◆ **Data section**:
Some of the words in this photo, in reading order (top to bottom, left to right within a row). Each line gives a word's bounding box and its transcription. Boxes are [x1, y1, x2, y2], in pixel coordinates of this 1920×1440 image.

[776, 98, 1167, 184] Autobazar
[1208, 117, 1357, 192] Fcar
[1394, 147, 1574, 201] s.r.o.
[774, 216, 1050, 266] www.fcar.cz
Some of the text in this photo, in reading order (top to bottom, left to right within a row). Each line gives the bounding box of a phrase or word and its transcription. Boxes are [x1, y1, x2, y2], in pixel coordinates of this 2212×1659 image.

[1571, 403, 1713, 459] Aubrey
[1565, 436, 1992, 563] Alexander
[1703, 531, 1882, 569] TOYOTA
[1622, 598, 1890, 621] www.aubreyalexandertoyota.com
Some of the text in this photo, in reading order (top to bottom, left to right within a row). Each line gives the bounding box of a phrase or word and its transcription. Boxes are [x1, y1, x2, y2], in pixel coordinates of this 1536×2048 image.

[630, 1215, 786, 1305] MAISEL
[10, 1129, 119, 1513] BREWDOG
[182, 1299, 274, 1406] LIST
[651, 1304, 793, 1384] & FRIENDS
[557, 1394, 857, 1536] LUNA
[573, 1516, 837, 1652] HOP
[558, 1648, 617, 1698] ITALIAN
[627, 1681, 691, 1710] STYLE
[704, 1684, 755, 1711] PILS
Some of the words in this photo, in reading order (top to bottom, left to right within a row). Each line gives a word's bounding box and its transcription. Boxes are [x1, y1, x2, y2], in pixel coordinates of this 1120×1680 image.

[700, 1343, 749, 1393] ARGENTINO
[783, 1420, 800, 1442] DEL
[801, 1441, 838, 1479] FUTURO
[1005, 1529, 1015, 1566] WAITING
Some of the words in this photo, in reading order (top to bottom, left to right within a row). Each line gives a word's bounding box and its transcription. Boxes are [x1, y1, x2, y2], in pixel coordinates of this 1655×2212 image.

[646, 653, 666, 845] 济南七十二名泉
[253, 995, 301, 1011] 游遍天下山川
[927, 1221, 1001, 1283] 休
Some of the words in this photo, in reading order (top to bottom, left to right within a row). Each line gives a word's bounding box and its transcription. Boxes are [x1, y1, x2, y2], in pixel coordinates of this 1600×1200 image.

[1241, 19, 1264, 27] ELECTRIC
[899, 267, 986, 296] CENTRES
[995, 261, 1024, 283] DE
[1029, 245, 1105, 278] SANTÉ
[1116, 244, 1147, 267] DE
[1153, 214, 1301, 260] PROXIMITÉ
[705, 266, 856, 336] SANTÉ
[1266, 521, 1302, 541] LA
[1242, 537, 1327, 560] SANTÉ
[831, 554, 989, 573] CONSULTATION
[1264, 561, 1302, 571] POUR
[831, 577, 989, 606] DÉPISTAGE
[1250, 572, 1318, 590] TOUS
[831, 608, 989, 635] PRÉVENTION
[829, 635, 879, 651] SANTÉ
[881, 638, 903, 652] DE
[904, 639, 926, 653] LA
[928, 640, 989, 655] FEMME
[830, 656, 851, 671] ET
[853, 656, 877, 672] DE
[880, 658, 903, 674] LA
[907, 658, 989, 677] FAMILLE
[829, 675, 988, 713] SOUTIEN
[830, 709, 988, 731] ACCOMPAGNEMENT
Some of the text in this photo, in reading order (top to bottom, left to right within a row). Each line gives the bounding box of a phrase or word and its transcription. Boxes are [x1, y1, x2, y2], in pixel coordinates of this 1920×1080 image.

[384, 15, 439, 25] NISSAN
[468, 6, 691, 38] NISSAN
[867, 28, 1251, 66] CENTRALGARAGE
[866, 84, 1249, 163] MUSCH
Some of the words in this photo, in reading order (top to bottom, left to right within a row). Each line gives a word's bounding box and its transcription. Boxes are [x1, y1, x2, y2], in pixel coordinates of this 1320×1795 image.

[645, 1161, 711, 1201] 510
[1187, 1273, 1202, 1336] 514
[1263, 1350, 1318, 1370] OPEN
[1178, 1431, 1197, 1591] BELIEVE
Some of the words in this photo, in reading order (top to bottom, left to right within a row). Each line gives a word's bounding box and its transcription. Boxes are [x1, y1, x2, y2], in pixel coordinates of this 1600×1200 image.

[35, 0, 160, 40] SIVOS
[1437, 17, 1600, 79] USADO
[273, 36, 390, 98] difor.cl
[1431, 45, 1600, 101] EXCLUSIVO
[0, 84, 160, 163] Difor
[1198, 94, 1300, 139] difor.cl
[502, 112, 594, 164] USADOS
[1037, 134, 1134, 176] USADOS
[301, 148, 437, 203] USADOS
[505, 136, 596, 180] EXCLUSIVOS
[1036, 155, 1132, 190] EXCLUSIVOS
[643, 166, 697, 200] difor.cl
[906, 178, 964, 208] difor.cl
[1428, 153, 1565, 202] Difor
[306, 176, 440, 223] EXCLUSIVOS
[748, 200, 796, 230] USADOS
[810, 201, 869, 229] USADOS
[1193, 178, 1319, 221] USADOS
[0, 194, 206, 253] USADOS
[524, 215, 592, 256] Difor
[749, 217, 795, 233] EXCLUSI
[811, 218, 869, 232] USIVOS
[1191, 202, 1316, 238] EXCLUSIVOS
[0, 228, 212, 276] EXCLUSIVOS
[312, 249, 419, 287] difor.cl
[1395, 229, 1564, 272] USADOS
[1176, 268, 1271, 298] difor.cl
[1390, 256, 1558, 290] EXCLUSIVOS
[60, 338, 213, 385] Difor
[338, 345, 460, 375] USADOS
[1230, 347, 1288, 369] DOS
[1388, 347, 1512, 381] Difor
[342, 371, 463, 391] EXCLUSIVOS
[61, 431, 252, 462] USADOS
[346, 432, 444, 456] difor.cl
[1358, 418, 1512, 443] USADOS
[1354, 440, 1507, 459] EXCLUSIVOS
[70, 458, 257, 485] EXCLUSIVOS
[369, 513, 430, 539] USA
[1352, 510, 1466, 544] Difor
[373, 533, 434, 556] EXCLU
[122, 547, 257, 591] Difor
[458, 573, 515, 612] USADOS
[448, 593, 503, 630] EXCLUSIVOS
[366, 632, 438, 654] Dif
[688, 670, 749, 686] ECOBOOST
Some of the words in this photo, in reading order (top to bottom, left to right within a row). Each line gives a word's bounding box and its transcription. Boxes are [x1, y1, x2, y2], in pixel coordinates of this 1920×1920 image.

◆ **Exercise directions**: Your answer should be the full listing, copied exactly.

◆ **Result of this exercise**:
Some of the words in this photo, in reading order (top to bottom, left to right within a row). Each line gives a word's bounding box and its transcription. Boxes are [x1, y1, x2, y2], in pixel coordinates of this 1920×1440 image.

[776, 98, 1167, 184] Autobazar
[1208, 117, 1357, 192] Fcar
[1394, 147, 1574, 201] s.r.o.
[774, 216, 1050, 266] www.fcar.cz
Some of the text in this photo, in reading order (top to bottom, left to right within a row). Each line gives the bounding box of a phrase or word and its transcription. Boxes are [x1, y1, x2, y2], in pixel coordinates of this 2212×1659 image.

[1571, 403, 1713, 459] Aubrey
[1565, 436, 1992, 563] Alexander
[1703, 531, 1882, 569] TOYOTA
[1622, 598, 1890, 621] www.aubreyalexandertoyota.com
Some of the text in this photo, in reading order (top to bottom, left to right within a row). Each line gives the bounding box of a phrase or word and its transcription. Boxes are [x1, y1, x2, y2], in pixel coordinates of this 1536×2048 image.

[630, 1215, 786, 1305] MAISEL
[10, 1129, 119, 1513] BREWDOG
[182, 1299, 274, 1406] LIST
[651, 1304, 793, 1384] & FRIENDS
[557, 1394, 857, 1536] LUNA
[573, 1516, 837, 1652] HOP
[558, 1648, 617, 1698] ITALIAN
[627, 1681, 691, 1710] STYLE
[704, 1684, 755, 1711] PILS
Some of the words in this photo, in reading order (top to bottom, left to right within a row). Each line gives a word's bounding box and its transcription. Boxes are [x1, y1, x2, y2], in pixel coordinates of this 1120×1680 image.

[700, 1343, 749, 1393] ARGENTINO
[783, 1420, 800, 1442] DEL
[801, 1441, 838, 1479] FUTURO
[1005, 1529, 1015, 1566] WAITING
Some of the words in this photo, in reading order (top to bottom, left to right within a row). Each line gives a word's bounding box and its transcription. Boxes are [x1, y1, x2, y2], in pixel coordinates of this 1655×2212 image.

[646, 653, 666, 845] 济南七十二名泉
[253, 995, 301, 1011] 游遍天下山川
[927, 1221, 1001, 1283] 休
Some of the words in this photo, in reading order (top to bottom, left to right within a row). Each line gives a word's bounding box and its transcription. Boxes are [x1, y1, x2, y2], in pixel coordinates of this 1600×1200 image.

[1241, 19, 1264, 27] ELECTRIC
[899, 267, 986, 296] CENTRES
[995, 261, 1024, 283] DE
[1029, 245, 1105, 278] SANTÉ
[1116, 244, 1147, 267] DE
[1153, 214, 1301, 260] PROXIMITÉ
[705, 266, 856, 336] SANTÉ
[1266, 521, 1302, 541] LA
[1242, 537, 1327, 560] SANTÉ
[831, 554, 989, 573] CONSULTATION
[1264, 561, 1302, 571] POUR
[831, 577, 989, 606] DÉPISTAGE
[1250, 572, 1318, 590] TOUS
[831, 608, 989, 635] PRÉVENTION
[829, 635, 879, 651] SANTÉ
[881, 638, 903, 652] DE
[904, 639, 926, 653] LA
[928, 640, 989, 655] FEMME
[830, 656, 851, 671] ET
[853, 656, 877, 672] DE
[880, 658, 903, 674] LA
[907, 658, 989, 677] FAMILLE
[829, 675, 988, 713] SOUTIEN
[830, 709, 988, 731] ACCOMPAGNEMENT
Some of the text in this photo, in reading order (top to bottom, left to right within a row). Each line gives the bounding box of a phrase or word and its transcription. Boxes are [x1, y1, x2, y2], in pixel coordinates of this 1920×1080 image.

[384, 15, 439, 25] NISSAN
[468, 6, 691, 38] NISSAN
[867, 28, 1251, 66] CENTRALGARAGE
[866, 84, 1249, 163] MUSCH
Some of the words in this photo, in reading order (top to bottom, left to right within a row). Each line gives a word's bounding box and its transcription. Boxes are [x1, y1, x2, y2], in pixel coordinates of this 1320×1795 image.

[645, 1161, 711, 1201] 510
[1187, 1273, 1202, 1336] 514
[1263, 1350, 1318, 1370] OPEN
[1178, 1431, 1197, 1591] BELIEVE
Some of the words in this photo, in reading order (top to bottom, left to right within a row). Each line gives a word's bounding box and its transcription. Boxes are [x1, y1, x2, y2], in pixel coordinates of this 1600×1200 image.

[35, 0, 160, 40] SIVOS
[1437, 17, 1600, 79] USADO
[273, 36, 390, 98] difor.cl
[1431, 45, 1600, 101] EXCLUSIVO
[0, 84, 160, 163] Difor
[1198, 94, 1300, 139] difor.cl
[502, 112, 594, 164] USADOS
[1037, 134, 1134, 176] USADOS
[301, 148, 437, 203] USADOS
[505, 136, 596, 180] EXCLUSIVOS
[1036, 155, 1132, 190] EXCLUSIVOS
[643, 166, 697, 200] difor.cl
[906, 178, 964, 208] difor.cl
[1428, 153, 1565, 202] Difor
[306, 176, 440, 223] EXCLUSIVOS
[748, 200, 796, 230] USADOS
[810, 201, 869, 229] USADOS
[1193, 178, 1319, 221] USADOS
[0, 194, 206, 253] USADOS
[524, 215, 592, 256] Difor
[749, 217, 795, 233] EXCLUSI
[811, 218, 869, 232] USIVOS
[1191, 202, 1316, 238] EXCLUSIVOS
[0, 228, 212, 276] EXCLUSIVOS
[312, 249, 419, 287] difor.cl
[1395, 229, 1564, 272] USADOS
[1176, 268, 1271, 298] difor.cl
[1390, 256, 1558, 290] EXCLUSIVOS
[60, 338, 213, 385] Difor
[338, 345, 460, 375] USADOS
[1230, 347, 1288, 369] DOS
[1388, 347, 1512, 381] Difor
[342, 371, 463, 391] EXCLUSIVOS
[61, 431, 252, 462] USADOS
[346, 432, 444, 456] difor.cl
[1358, 418, 1512, 443] USADOS
[1354, 440, 1507, 459] EXCLUSIVOS
[70, 458, 257, 485] EXCLUSIVOS
[369, 513, 430, 539] USA
[1352, 510, 1466, 544] Difor
[373, 533, 434, 556] EXCLU
[122, 547, 257, 591] Difor
[458, 573, 515, 612] USADOS
[448, 593, 503, 630] EXCLUSIVOS
[366, 632, 438, 654] Dif
[688, 670, 749, 686] ECOBOOST
Some of the words in this photo, in reading order (top to bottom, left to right within a row). Each line gives a word's bounding box and its transcription. Boxes are [x1, y1, x2, y2], in pixel coordinates of this 1920×1920 image.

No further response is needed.